Synthesis of two mRNAs by utilization of alternate polyadenylation sites: expression of SV40-mouse immunoglobulin mu chain gene recombinants in Cos monkey cells.

Abstract

The immunoglobulin mu gene encodes both membrane‐bound (m) and secreted (s) mu chains. Two mRNAs, mum and mus, which differ only at their 3′ ends and encode the two mu polypeptides, are produced differentially during maturation of B cells (bearing membrane‐bound IgM) to plasma cells (secreting IgM). We have constructed a simian virus 40 (SV40)‐mouse immunoglobulin mu chain chimeric recombinant carrying the SV40 early promoter and a part of the constant region of the mu gene, and also various deletion mutants of the recombinant.

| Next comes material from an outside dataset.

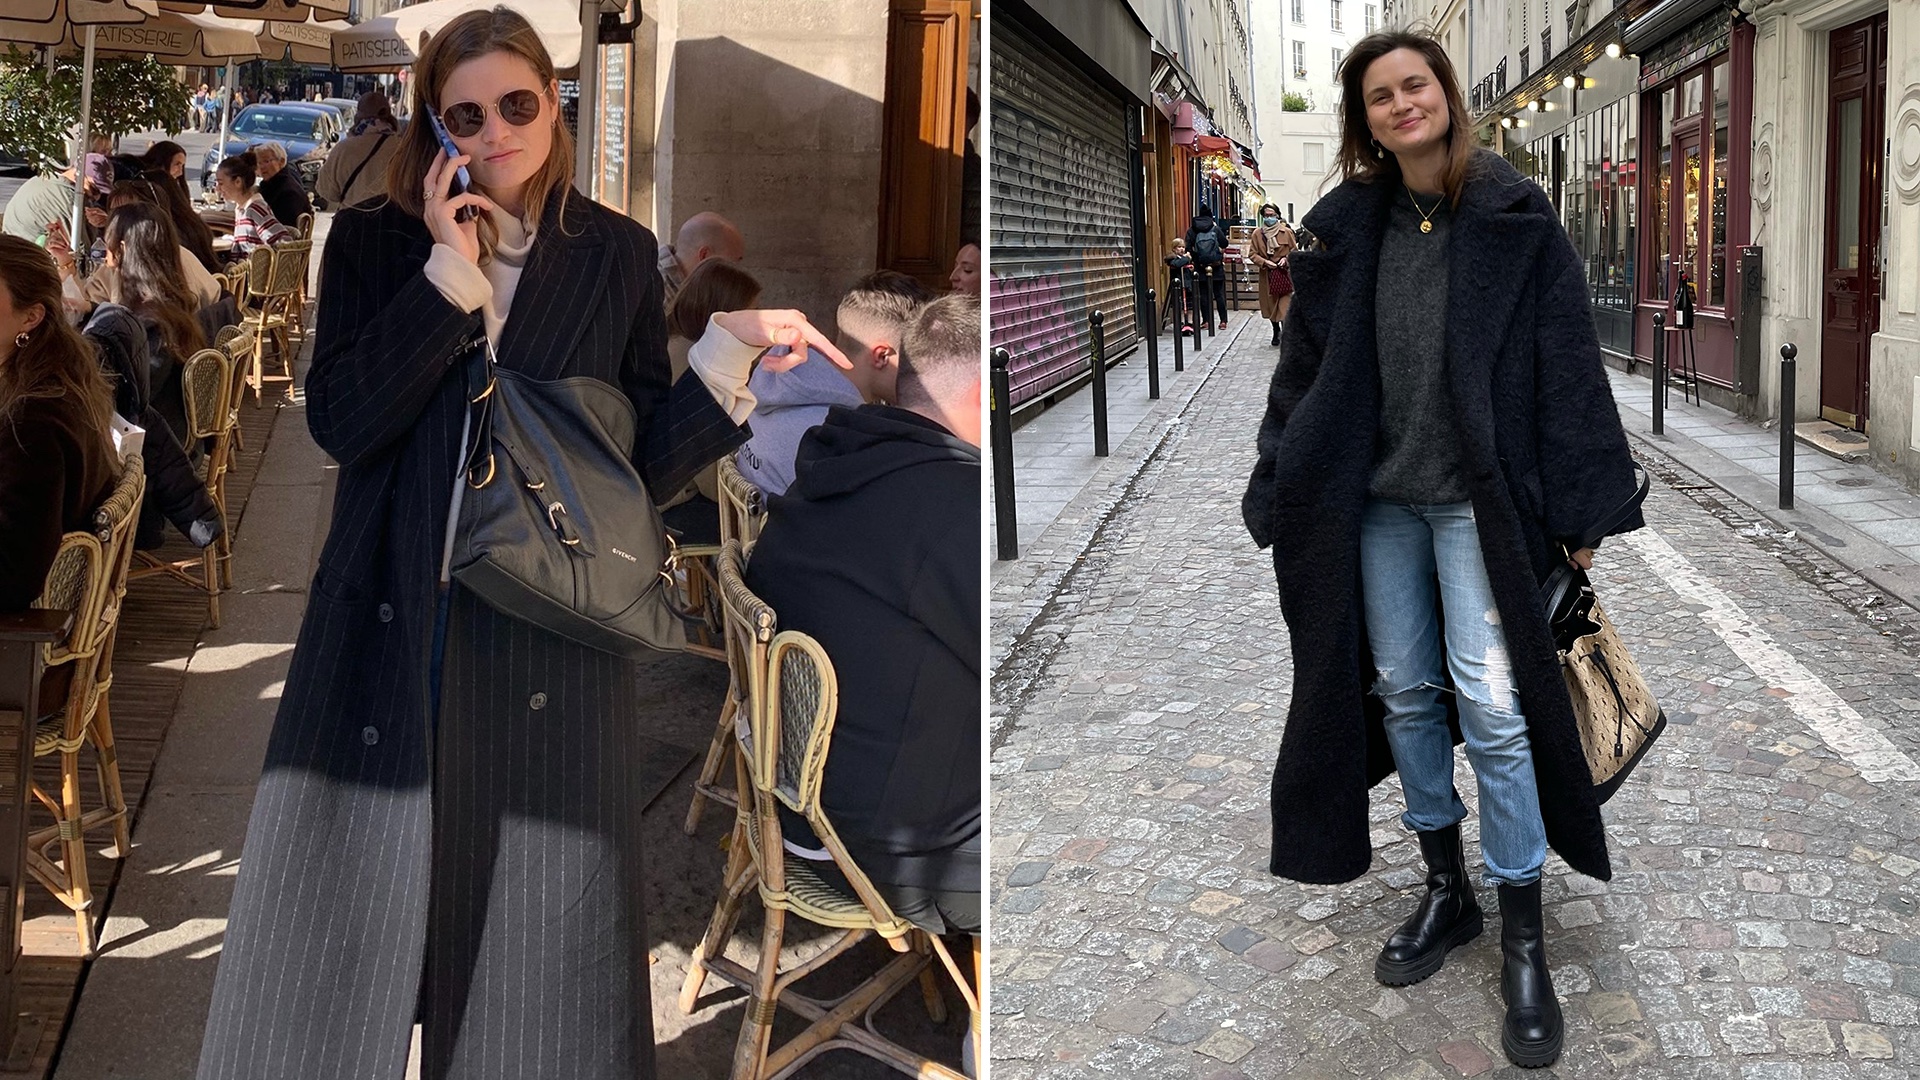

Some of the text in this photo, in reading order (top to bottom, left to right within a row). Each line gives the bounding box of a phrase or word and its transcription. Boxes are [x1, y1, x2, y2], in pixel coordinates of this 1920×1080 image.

[95, 26, 183, 48] ATISSERIE
[278, 23, 330, 43] PATISSER
[342, 38, 410, 59] PATISSERIE

When the recombinant is introduced into Cos monkey cells, both mum and mus type mRNAs are synthesized. These two messages are polyadenylated at the mum and mus poly(A) addition sites, respectively. Correct splicing of the mu transcripts is also observed with reasonable efficiency. Analysis of the transcripts from the deletion mutants lacking either the mum or mus poly(A) addition site has indicated that the selection of the polyadenylation sites is determined simply by the proximity of the site to the promoter. This suggests that the machinery for 3′ end formation of the messages, which probably determine the two alternate RNA processing pathways for mus and mum mRNAs, may scan in a promotor proximal to distal direction.